Since there’s only one scene in this story, and it takes place at the McDonald’s out on McGalliard Road in Muncie, Indiana, I’ll first kill a little time discussing food, so that once we get there, we can quickly reconcile ourselves to a straightforward act of charity. Therefore, consider the following an irony-mitigating ramble, rather than an explanatory march, through the thickets of a subject dear to our hearts. [End Page 59]

Some say that Alice Waters is responsible for making Berkeley, California, the epicenter of the current gastronomical earthquake, and while there’s exaggeration in that statement, it’s undeniable that California is a focus of food culture, thanks, in part, to Waters—but thanks as well to M. F. K. Fisher and Julia Child and, of course, the wine industry. Much of this focus presumably came into being when Waters (and Fisher) revolted against the saucy complications of French cuisine so pleasantly advocated by Child, in the process transforming Californians into devotees of not only food but also the culture that ripples out from food—magazines, television shows, cookbooks and high-end restaurants—a culture based on the assumption that food preparation takes just as much consciousness and skill as the practice of, say, painting or sculpting or composing music or writing poetry.
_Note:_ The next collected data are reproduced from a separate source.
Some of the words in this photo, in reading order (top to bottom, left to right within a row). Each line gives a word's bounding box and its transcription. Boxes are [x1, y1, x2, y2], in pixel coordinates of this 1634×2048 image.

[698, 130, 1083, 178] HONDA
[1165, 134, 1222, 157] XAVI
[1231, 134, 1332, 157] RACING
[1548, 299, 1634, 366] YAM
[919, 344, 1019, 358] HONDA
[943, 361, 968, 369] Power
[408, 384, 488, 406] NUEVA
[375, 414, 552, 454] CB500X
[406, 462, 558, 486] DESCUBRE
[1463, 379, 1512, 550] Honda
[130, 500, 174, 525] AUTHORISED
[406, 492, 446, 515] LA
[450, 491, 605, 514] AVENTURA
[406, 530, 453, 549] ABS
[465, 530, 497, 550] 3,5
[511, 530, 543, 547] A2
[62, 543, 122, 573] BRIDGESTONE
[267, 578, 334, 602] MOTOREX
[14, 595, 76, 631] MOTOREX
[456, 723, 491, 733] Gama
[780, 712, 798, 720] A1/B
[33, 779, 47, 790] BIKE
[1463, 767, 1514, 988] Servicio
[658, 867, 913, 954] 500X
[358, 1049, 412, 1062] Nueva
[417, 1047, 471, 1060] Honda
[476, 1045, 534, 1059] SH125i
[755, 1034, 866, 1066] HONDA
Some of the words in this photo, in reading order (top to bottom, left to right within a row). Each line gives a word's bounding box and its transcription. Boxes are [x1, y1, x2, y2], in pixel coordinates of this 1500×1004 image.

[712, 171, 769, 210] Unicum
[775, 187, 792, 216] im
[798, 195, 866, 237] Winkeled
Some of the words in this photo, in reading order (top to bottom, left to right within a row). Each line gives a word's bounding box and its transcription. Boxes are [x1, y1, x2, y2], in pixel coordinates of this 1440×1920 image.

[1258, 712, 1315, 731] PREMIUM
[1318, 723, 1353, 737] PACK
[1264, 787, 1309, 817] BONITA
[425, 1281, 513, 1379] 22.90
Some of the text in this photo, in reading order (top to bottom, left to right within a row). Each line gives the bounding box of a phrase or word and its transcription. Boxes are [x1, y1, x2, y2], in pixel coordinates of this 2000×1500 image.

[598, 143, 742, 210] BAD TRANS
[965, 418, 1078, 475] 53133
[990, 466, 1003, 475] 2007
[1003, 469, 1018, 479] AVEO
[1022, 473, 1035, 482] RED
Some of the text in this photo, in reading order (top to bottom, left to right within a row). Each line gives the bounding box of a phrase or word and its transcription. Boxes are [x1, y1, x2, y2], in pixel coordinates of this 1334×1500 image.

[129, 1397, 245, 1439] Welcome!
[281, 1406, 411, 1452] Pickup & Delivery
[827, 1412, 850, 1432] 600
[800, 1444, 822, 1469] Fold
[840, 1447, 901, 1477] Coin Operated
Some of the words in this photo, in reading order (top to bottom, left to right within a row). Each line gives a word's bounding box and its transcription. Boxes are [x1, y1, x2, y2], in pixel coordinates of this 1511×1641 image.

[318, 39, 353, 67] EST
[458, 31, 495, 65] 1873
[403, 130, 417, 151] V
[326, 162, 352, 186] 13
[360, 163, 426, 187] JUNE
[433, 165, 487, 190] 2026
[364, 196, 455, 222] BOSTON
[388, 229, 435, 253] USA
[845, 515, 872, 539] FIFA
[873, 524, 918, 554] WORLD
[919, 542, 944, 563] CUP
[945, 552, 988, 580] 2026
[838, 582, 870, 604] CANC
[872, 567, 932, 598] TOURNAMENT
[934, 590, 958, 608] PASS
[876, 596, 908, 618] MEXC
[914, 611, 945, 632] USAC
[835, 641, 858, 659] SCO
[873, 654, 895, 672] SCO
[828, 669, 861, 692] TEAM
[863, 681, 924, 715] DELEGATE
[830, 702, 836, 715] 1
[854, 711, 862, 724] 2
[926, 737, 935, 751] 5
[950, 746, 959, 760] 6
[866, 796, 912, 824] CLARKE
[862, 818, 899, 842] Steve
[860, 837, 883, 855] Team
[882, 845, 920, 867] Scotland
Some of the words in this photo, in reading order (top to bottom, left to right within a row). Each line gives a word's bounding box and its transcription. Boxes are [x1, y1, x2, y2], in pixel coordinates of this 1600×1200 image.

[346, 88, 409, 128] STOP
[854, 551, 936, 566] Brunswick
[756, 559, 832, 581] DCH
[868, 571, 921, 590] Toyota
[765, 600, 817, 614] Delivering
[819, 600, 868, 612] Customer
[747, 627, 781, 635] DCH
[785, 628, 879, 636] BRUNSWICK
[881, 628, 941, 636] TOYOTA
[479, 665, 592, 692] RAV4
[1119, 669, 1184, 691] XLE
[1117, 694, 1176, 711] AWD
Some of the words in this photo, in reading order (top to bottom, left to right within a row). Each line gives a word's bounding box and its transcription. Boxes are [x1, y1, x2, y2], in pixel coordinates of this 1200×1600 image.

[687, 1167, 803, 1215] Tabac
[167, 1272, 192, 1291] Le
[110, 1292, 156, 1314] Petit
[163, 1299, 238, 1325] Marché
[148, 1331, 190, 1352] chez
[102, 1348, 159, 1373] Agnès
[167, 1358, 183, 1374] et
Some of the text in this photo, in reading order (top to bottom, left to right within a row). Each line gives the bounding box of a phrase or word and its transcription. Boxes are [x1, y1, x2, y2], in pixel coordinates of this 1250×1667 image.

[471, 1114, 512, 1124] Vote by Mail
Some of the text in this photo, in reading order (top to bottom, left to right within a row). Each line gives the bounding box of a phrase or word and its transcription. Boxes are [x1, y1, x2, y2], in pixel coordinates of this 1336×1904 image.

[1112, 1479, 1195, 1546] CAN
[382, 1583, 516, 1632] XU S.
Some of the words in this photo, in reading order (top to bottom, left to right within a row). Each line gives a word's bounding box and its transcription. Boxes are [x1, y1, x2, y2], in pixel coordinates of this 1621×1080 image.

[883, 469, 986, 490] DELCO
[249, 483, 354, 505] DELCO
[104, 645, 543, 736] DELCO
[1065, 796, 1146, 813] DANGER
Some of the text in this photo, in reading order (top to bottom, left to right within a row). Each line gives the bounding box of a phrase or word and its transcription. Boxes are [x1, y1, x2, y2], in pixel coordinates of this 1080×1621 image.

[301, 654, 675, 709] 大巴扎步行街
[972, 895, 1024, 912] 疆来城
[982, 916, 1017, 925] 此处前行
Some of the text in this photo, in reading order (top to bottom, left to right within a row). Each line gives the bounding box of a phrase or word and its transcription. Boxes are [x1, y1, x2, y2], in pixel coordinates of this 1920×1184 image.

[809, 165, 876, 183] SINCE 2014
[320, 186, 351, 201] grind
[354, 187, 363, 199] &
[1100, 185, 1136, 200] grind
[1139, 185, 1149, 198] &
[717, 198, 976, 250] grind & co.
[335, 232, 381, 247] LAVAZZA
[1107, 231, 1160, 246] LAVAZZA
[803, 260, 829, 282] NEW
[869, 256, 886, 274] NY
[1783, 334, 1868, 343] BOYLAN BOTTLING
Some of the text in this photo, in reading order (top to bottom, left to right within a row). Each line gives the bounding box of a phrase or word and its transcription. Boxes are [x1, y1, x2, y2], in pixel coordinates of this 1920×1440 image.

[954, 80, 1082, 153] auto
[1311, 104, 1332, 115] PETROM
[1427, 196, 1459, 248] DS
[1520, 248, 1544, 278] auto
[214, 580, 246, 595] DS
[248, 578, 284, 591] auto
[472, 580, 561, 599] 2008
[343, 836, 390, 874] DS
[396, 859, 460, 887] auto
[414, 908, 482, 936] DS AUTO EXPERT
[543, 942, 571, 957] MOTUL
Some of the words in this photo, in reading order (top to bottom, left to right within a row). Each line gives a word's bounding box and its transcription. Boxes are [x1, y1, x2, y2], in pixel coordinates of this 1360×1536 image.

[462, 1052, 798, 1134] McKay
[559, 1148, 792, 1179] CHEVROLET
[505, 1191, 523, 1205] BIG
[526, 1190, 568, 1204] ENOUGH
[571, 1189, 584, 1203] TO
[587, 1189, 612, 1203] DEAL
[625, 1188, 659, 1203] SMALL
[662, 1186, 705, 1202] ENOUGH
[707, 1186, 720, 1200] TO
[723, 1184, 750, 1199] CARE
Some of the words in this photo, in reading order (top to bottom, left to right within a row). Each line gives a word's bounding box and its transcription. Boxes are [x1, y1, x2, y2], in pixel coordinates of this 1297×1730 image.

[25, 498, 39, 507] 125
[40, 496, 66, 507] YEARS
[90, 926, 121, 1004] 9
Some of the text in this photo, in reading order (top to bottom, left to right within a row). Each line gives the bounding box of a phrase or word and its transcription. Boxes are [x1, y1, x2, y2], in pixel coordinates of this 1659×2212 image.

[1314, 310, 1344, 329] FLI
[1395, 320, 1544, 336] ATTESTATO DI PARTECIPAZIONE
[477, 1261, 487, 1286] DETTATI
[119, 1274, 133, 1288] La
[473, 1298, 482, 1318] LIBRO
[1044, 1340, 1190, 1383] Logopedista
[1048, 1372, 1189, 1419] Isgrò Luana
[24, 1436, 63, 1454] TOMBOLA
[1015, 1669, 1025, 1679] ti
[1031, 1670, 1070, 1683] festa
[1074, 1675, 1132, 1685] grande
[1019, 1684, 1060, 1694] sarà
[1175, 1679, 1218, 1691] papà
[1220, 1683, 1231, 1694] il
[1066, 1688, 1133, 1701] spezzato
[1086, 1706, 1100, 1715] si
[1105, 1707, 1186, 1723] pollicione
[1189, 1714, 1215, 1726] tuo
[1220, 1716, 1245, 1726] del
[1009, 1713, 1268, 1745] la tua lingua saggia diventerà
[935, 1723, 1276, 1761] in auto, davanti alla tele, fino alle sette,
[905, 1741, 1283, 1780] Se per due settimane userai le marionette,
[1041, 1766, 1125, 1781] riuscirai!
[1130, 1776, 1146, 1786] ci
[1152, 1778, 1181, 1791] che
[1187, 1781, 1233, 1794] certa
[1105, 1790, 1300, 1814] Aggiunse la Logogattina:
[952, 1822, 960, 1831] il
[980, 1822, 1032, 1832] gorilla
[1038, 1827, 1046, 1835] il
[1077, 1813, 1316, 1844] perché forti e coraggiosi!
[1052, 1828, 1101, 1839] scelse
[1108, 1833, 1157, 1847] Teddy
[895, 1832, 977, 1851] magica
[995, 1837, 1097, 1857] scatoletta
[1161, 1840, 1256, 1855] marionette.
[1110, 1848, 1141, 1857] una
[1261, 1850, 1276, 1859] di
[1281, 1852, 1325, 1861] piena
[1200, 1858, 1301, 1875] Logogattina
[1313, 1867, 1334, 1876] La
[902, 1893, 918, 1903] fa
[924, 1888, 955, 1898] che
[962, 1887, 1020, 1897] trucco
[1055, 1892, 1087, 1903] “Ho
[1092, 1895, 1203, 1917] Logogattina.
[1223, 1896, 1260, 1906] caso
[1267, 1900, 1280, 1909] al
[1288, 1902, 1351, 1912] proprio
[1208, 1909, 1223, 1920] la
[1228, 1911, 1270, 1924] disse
Once food was granted this status, it was relatively easy to go on to mythologize the artists and glorify their creations, just as in the case of any other art. And, of course, hidden within this process was the assumption that the art of food depends, like any other art, on the connoisseur who is able to make distinctions imperceptible to most of us. For food to become art, then, requires a sort of silent food snobbishness accompanied by a voiced need for food education, because once food is recognized as an art, it only seems natural to add morality as the last and best ingredient.

Some also credit Chez Panisse with the moral seasoning of the current craze, a tang of self-justification derived from the free-speech and antiwar movements as well as from Flower Power, the Grateful Dead, Gay Pride, the commune—all forms of stylistic righteousness that characterized the 1960s and 1970s and that have somehow shifted over the years from preaching how to live to preaching how to eat. Whatever the exact origin, Berkeley’s contribution to food morality goes beyond mere flavoring, for the town is also the home of the Berkeley Bowl and the Edible Schoolyard and Michael Pollen, who teaches at the university and authors such straightforwardly moral tracts as The Omnivore’s Dilemma and In Defense of Food. You can almost hear the resounding Yes! as the Berkeley population responds to the rhetorical question lucidly posed in Pollen’s books: Isn’t gastronomy even more important in a country fighting an epidemic of obesity, which strikes poor people who eat a vitiated diet of fast food contaminated with high-fructose corn syrup and the other dubious products of a food industry represented by an army of lobbyists and subsidized by the federal government? Yes, oh, yes, indeed! [End Page 60]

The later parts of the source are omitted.